CHANGES IN THE WATER CONTENT OF JERUSALEM ARTICHOKE UNDER THE INFLUENCE OF AN ELECTRIC FIELD PULSE

ABSTRACT

One of the urgent tasks of the present day is to create conditions for long-term drying of fruit and berry, vegetable and fruit products and expansion of export potential in the Republic of  Uzbekistan.  The rapid development of techniques and technologies in the drying industry, the creation of energy and resource-saving devices, especially the use of current non-traditional methods today, are highly effective. To speed up the drying process of Jerusalem artichoke, it was treated in a primary electric field pulse. The electric field pulse voltage was 6, 7 kV and the number of pulses was 10, 20, 30.

АННОТАЦИЯ

Одной из актуальных задач современности является создание условий для долговременной сушки плодово-ягодной, овоще-фруктовой продукции и расширения экспортного потенциала Республики Узбекистан. Бурное развитие техники и технологий в сушильной промышленности, создание энерго- и ресурсосберегающих устройств, особенно использование современных нетрадиционных методов, имеют высокую эффективность. Для ускорения процесса сушки топинамбура его обрабатывали импульсным первичным электрическим полем. Импульсное напряжение электрического поля составляло 6, 7 кВ, количество импульсов – 10, 20, 30.

Keywords: pulsed electric field, drying, humidity, electroporation, cell membrane.

Ключевые слова: импульсное электрическое поле, сушка, влажность, электропорация, клеточная мембрана.

Introduction. When Jerusalem artichoke is treated with a pulsed electric field, the membrane of the rhizome cells is ruptured. This process is called electroporation [1-3]. Electroporation refers to the use of short high voltage pulses to overcome the cell membrane barrier. The effect during electroporation can be reversible or irreversible, depending on the intensity of the treatment, which damages the membrane of a living cell[4-6]. In irreversible electroporation, the cell loses its homeostasis and eventually dies if the strength of the applied electric field is strong enough. The effect of a pulsed electric field on microbial viability has been extensively studied in various types of bacteria, including positive and negative bacteria, yeasts, parasites, and spore-forming bacteria.

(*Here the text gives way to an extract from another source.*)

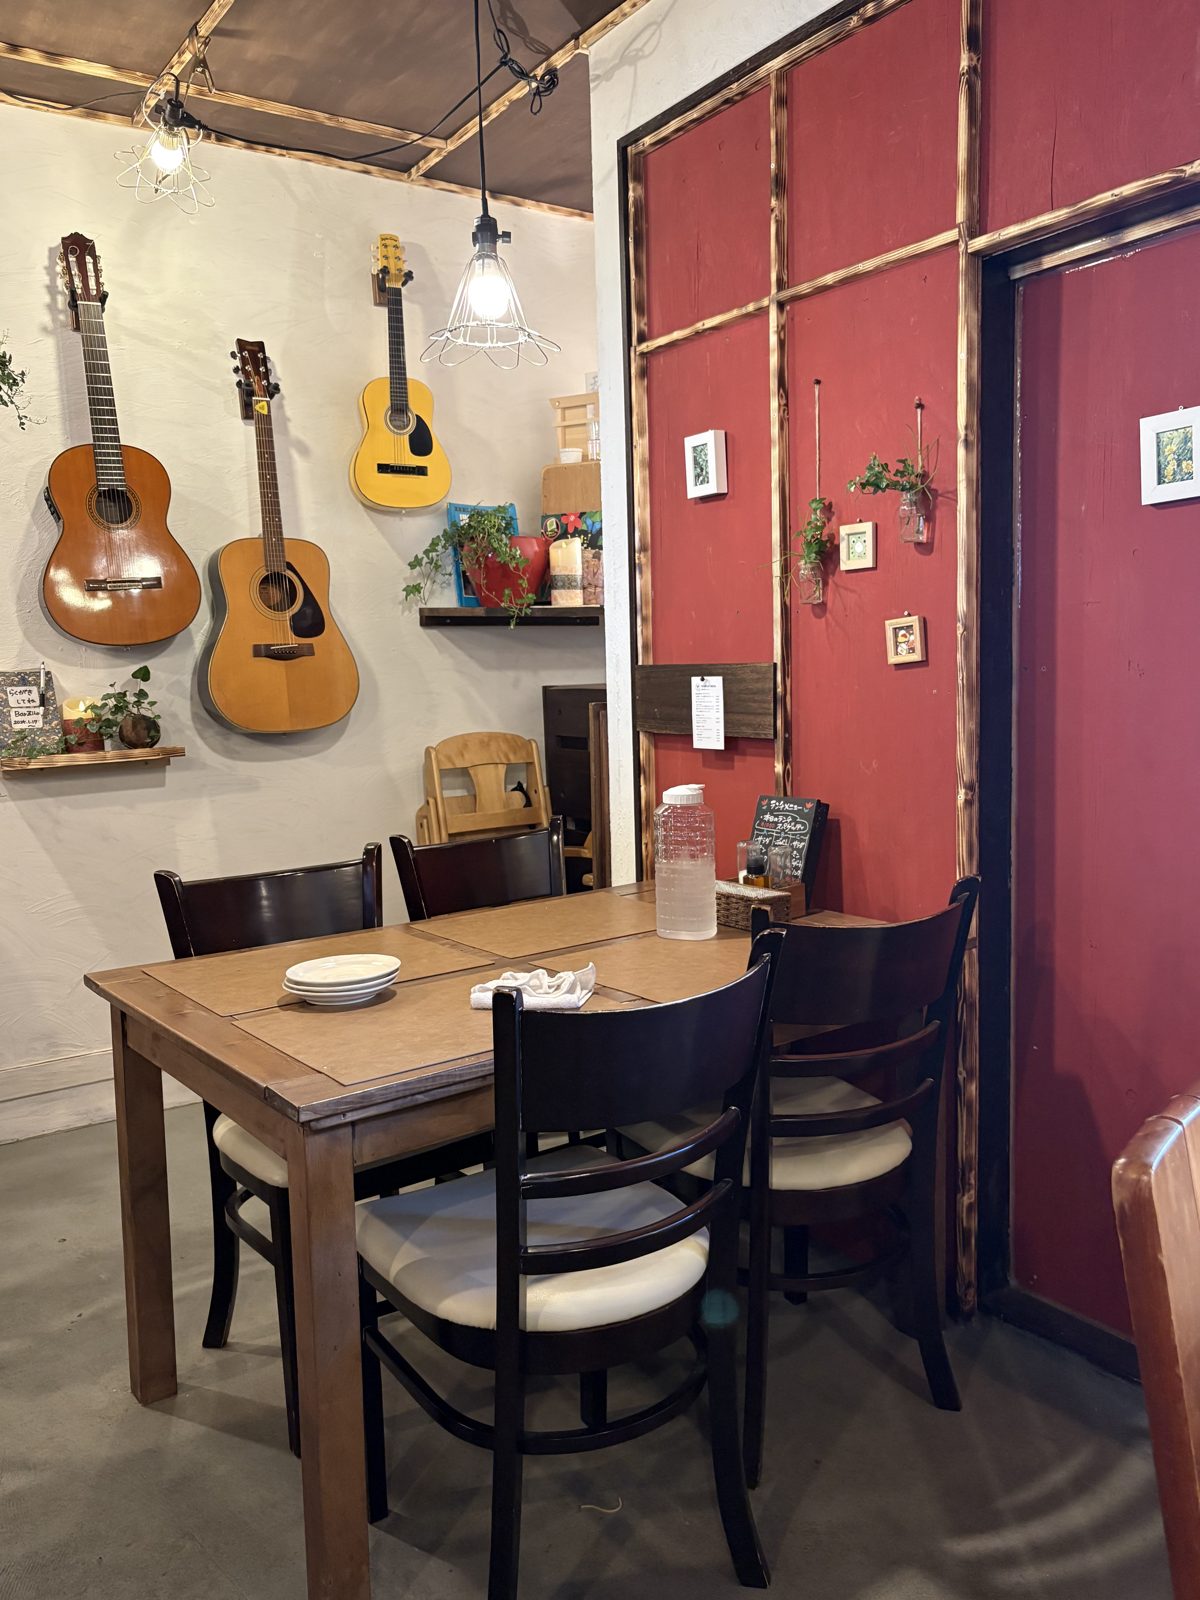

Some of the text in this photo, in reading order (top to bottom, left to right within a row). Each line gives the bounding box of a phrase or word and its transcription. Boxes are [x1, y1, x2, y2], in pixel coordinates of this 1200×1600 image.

[16, 697, 36, 705] してね
[770, 800, 803, 811] ランチメニュー

Inactivation of microbes in laboratory conditions can be achieved by applying a pulsed electric field[7]. This process has also been used to destroy pathogenic microbes that affect vitamins, flavorings and biologically active substances. The pulsed electric field process can also be used to extract proteins, DNA plasma and products such as sugar and vegetable oil from sugar beet cells from microorganisms, according to scientists[8-11].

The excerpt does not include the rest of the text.